Housing

Rehousing

This is an article from the Architecture Australia archives and may use outdated formatting

How might the profession become more involved in the provision of general housing? Stuart Harrison reviews the recent UAL conference and exhibition ReHousing.

Overview of the ReHousing exhibition. Image: Ross Brewin

Overview of the ReHousing exhibition. Image: Ross Brewin

ReHousing, a recent conference held in Melbourne, sought to examine the difficult subject of new general housing, with the aim of fostering innovation in a field that is seemingly deprived of it, and which is often devoid of architects. The conference was centred on themes of demographic change, procurement, affordability, sustainability and location, which were explored through case studies.

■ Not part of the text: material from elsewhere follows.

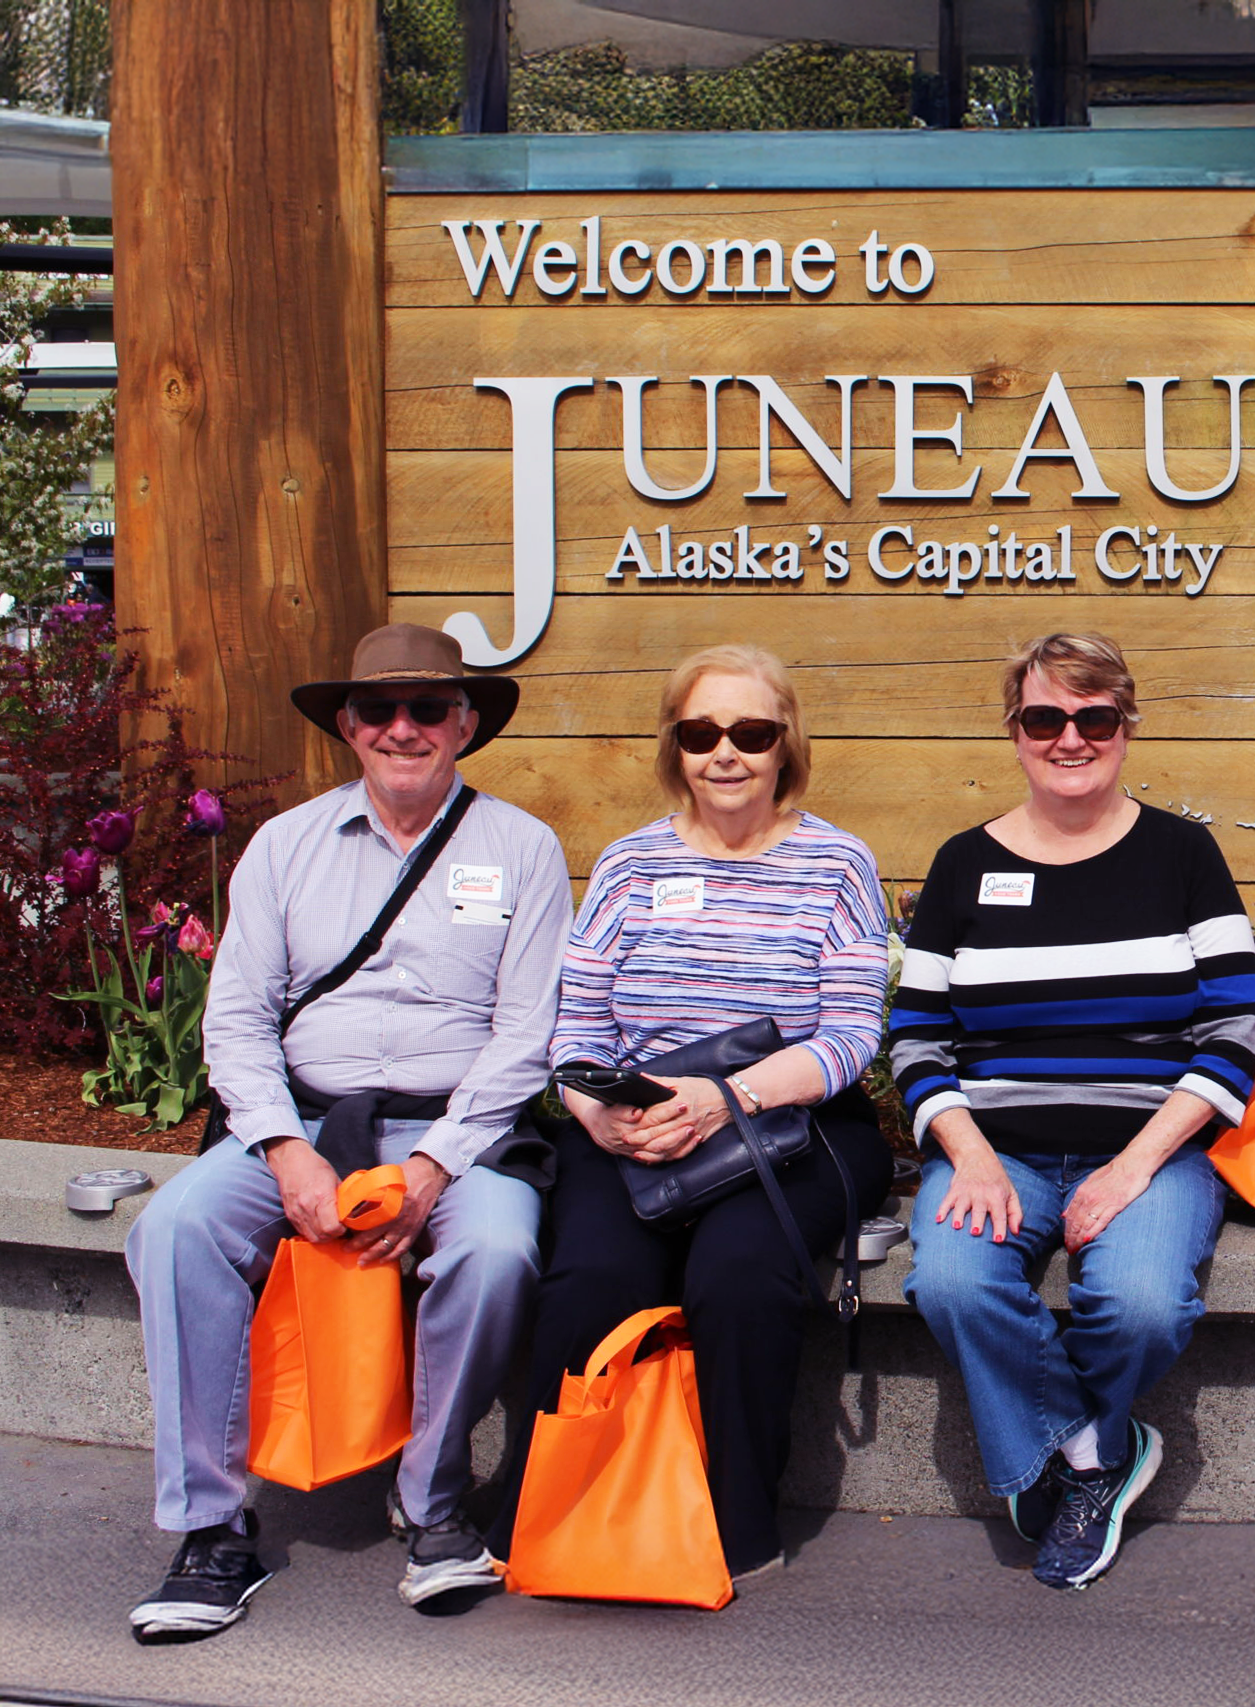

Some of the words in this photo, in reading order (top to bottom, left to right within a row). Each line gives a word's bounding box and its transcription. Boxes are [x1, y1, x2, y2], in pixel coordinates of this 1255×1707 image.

This allowed contributors to submit design projects and accompanying textual exegesis, for a process of peer referee. The refereed designs were then exhibited in one of Melbourne’s most underappreciated spaces – the top level of the two-storey footbridge over Little Lonsdale Street that links Melbourne Central and the Deco Myer department store. Located in this retail link, the work got important exposure to the wider public, and on my several visits, people were indeed stopping and looking at the work on the inclined display tables. Among the many excellent projects on display was the community housing scheme in Woodstock Street, Balaclava, by MGS Architects, which demonstrates that a 31-unit “rooming” complex can foster a strong architectural engagement with context.

The conference presentations took place in the lofty grandeur of Reed & Barnes’ Melbourne Town Hall and in the sublime cave-like interior of the Griffins’ Capitol Theatre, across Swanston Street. Two international keynote speakers spoke in the crystalline auditoria of the Capitol – Mark Brearly from the Mayor of London’s Architecture and Urbanism Unit, and Robert Bruegmann from the University of Illinois at Chicago and author of the book Sprawl: A Compact History – along with a series of invited national speakers.

Brearly spoke of London’s recent population growth – the first since the war that nearly destroyed it – and the need to provide new land in a city once scattered with potential spaces. A combination of industry leaving the city, massive public transport investment and a mayor’s unit full of talented young architects means that the city is now negotiating new projects to house this strong expansion through a complex and conservative layering of public departments and agencies. Brearly had some potent lessons, such as “he who draws, wins”, about how to push through quality in a system leaning towards mediocrity. Robert Bruegmann’s position regarding suburban sprawl is contentious and provided a counterpoint that gave the conference a critical sense. In essence, Bruegmann is doubtful that low-density suburban sprawl is intrinsically bad, or that it is less sustainable than dense urban living.

Bruegmann argues sprawl is a longstanding and widespread urban phenomenon and that we need to engage with it rather than dismiss it.

Dr Deborah Dearing, one of several national invited speakers, presented two projects from developer Stockland that seek to incorporate architects’ design work into the provision of large-scale housing. Kerstin Thompson, another invited speaker, presented a yet-to-be-built project in Gore Street, Fitzroy, which featured extensive community consultation and received a planning permit. Thompson argued quality in terms of amenity, light, quality of outlook, interaction with street and outdoor spaces – a strategy that satisfied key contextual concerns, while leading the discussion away from matters of aesthetic judgment.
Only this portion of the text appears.